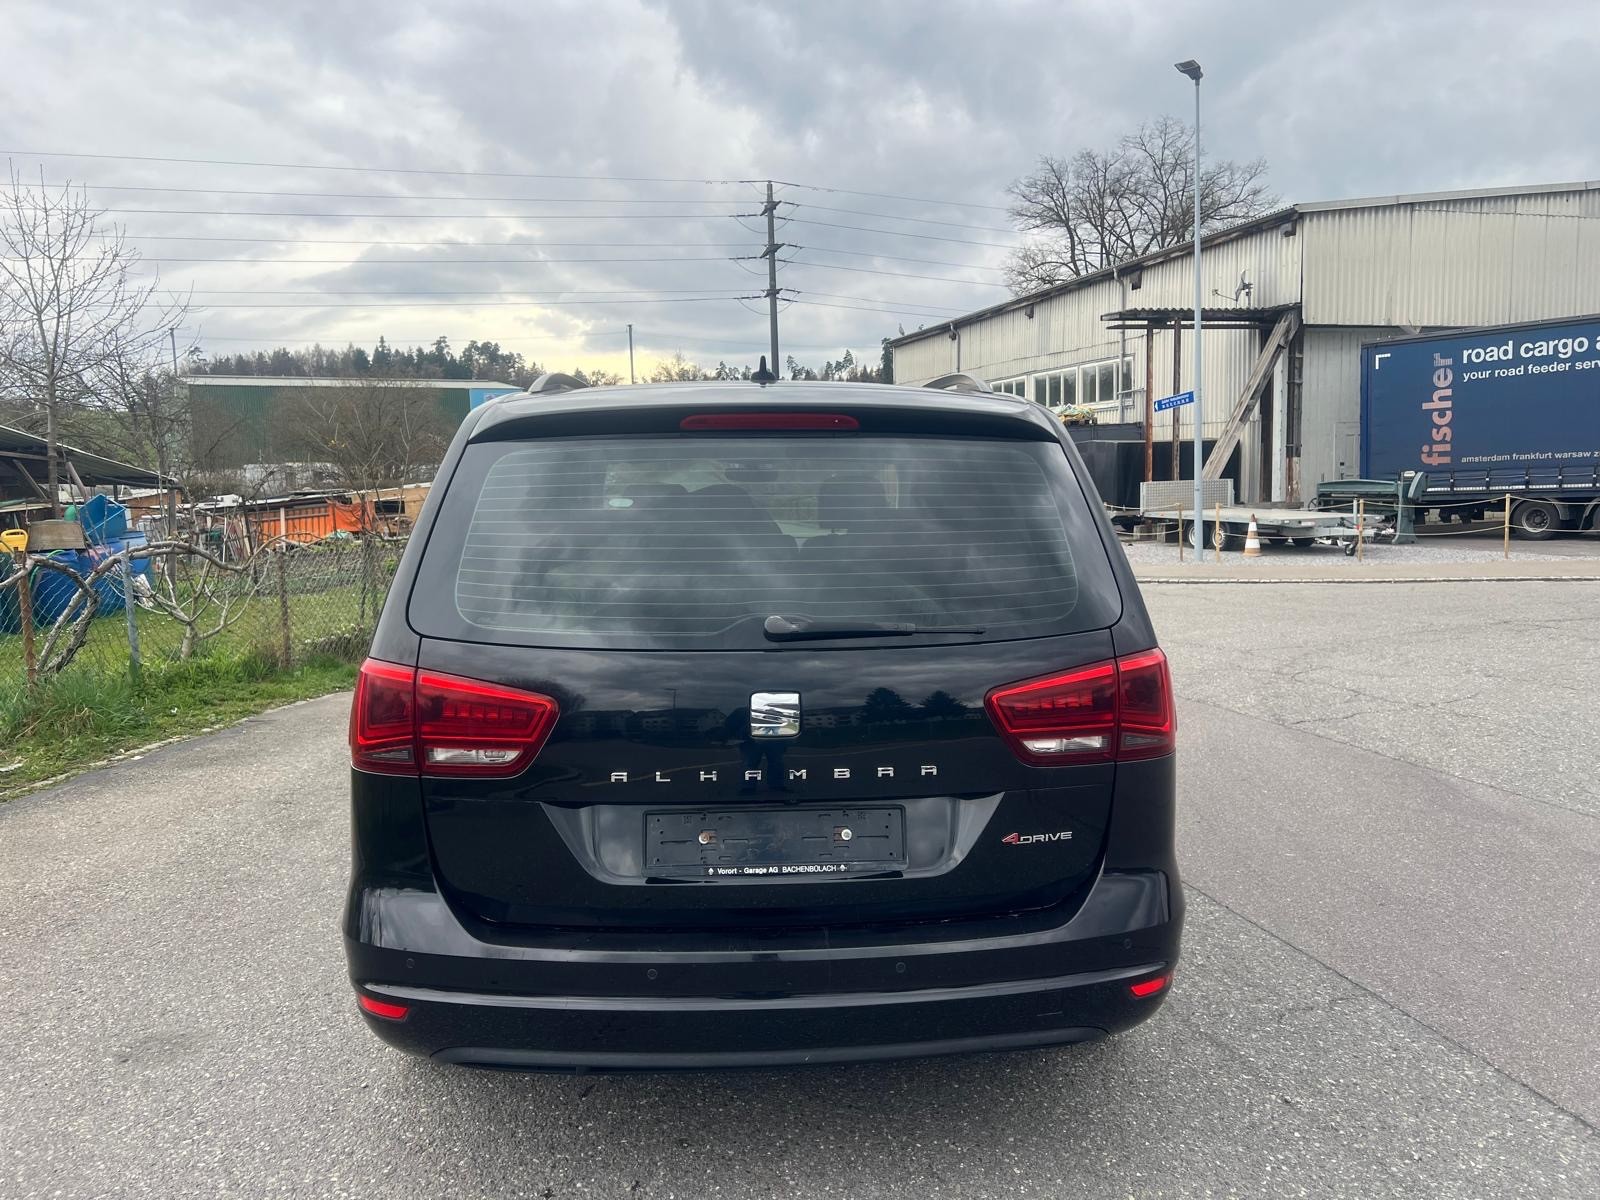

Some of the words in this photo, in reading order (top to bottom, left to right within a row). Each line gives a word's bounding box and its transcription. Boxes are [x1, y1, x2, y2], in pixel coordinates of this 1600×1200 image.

[1463, 341, 1514, 364] road
[1520, 336, 1589, 359] cargo
[1463, 370, 1491, 382] your
[1495, 365, 1524, 378] road
[1528, 361, 1571, 374] feeder
[1421, 352, 1453, 466] fischer
[1461, 453, 1510, 463] amsterdam
[1512, 451, 1552, 461] frankfurt
[1554, 450, 1592, 459] warsaw
[610, 765, 938, 783] ALHAMBRA
[1001, 831, 1073, 845] 4DRIVE
[743, 867, 767, 875] Garage

━━━━━━━━━━━━━━━━━━━━━━━━━━━━━━

◆ **THE PROBLEM**:
A word-for-word transcript of the entries above is needed, with pictures removed.

◆ **EXPECTED OUTPUT**:
Some of the words in this photo, in reading order (top to bottom, left to right within a row). Each line gives a word's bounding box and its transcription. Boxes are [x1, y1, x2, y2], in pixel coordinates of this 1600×1200 image.

[1463, 341, 1514, 364] road
[1520, 336, 1589, 359] cargo
[1463, 370, 1491, 382] your
[1495, 365, 1524, 378] road
[1528, 361, 1571, 374] feeder
[1421, 352, 1453, 466] fischer
[1461, 453, 1510, 463] amsterdam
[1512, 451, 1552, 461] frankfurt
[1554, 450, 1592, 459] warsaw
[610, 765, 938, 783] ALHAMBRA
[1001, 831, 1073, 845] 4DRIVE
[743, 867, 767, 875] Garage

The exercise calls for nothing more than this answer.